A Very Peculiar Practice: a very modern campus comedy, 35 years on

Pages 2-19 | Published online: 06 Dec 2022
 

Abstract

On May 21st 1986, the BBC broadcast the first episode of Andrew Davies’s black campus comedy A Very Peculiar Practice. 2021 celebrated the series’ 35th anniversary. This article provides an analysis of the contribution of the series to the genre of campus comedy. It provides an evaluation of the major themes, plots and characters introduced throughout the series and how these reflected, and reacted to, the political environment and ideology of the time.

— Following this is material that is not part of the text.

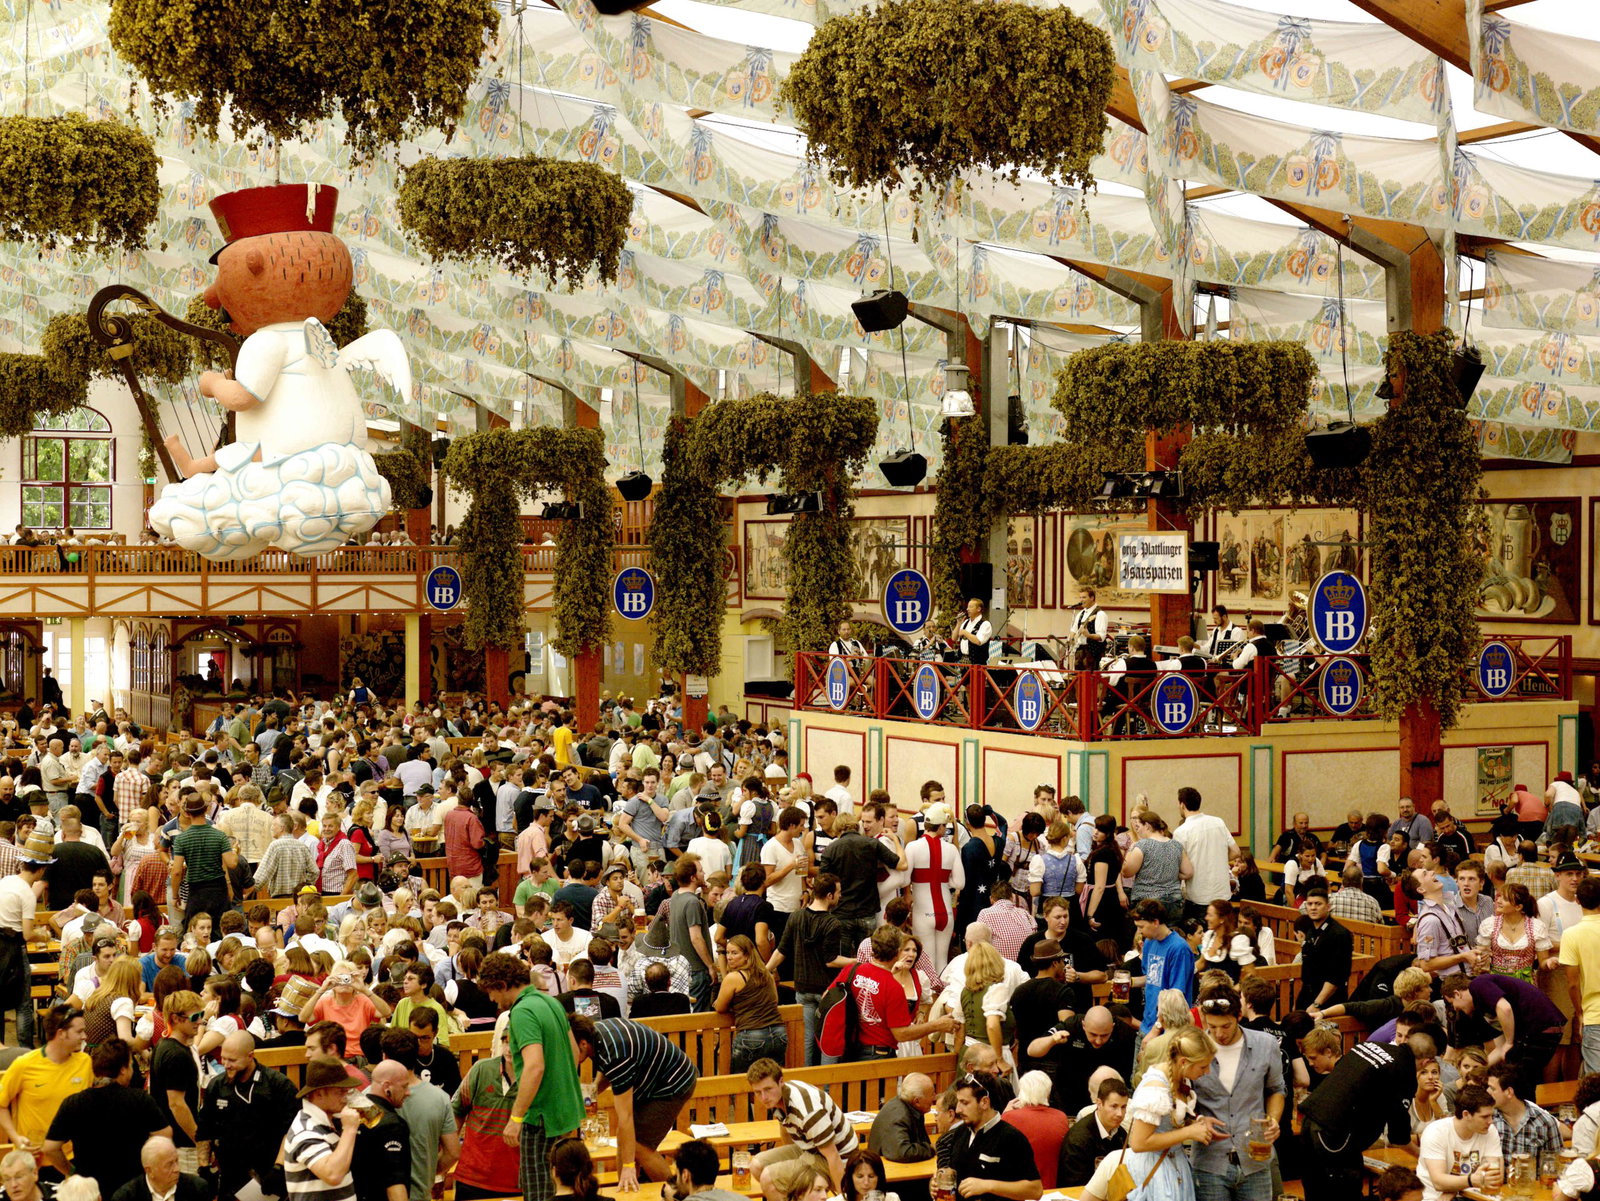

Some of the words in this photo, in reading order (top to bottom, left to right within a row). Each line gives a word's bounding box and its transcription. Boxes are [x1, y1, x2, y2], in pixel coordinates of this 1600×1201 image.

The series is discussed in the broader context of the campus novel, the genre of fiction in which staff, students and university management are satirised, and its contribution to the genre of television and film medicine/hospital comedy is also discussed.

Acknowledgements

The author would like to thank Dr Ian Wilkie, Dr Nicky Brunswick and Ben Ricketts for comments on an earlier version of this paper.

Disclosure statement

No potential conflict of interest was reported by the authors.

Correction Statement

This article has been republished with minor changes. These changes do not impact the academic content of the article.

Additional information

Notes on contributors

G. Neil Martin

Dr G. Neil Martin is Honorary Professor of Psychology at Regent’s University London, former head of psychology at the University, a Life Fellow of the Royal Society of Arts and the author of over 13 books on psychology including the UK’s market-leading introductory text, Psychology (Pearson Education) now in its 7th edition. He wrote The Psychology of Comedy for Routledge, published in 2021, was Associate Editor of The Psychologist, is an editorial board member of the Annals of Improbable Research, Consulting Editor for Teaching of Psychology, and was reviewer and books editor for Deadpan magazine, the UK’s first (and last) magazine about comedy. He has written over 150 academic and popular articles on psychology, including journalism for The Observer, The Times, Restaurant Magazine, The Sunday Telegraph, THES and the websites CuriousBritishTelly.co.uk and MovingPicturesFilmClub.com. His first broadcast joke was on Steve Wright In The Afternoon.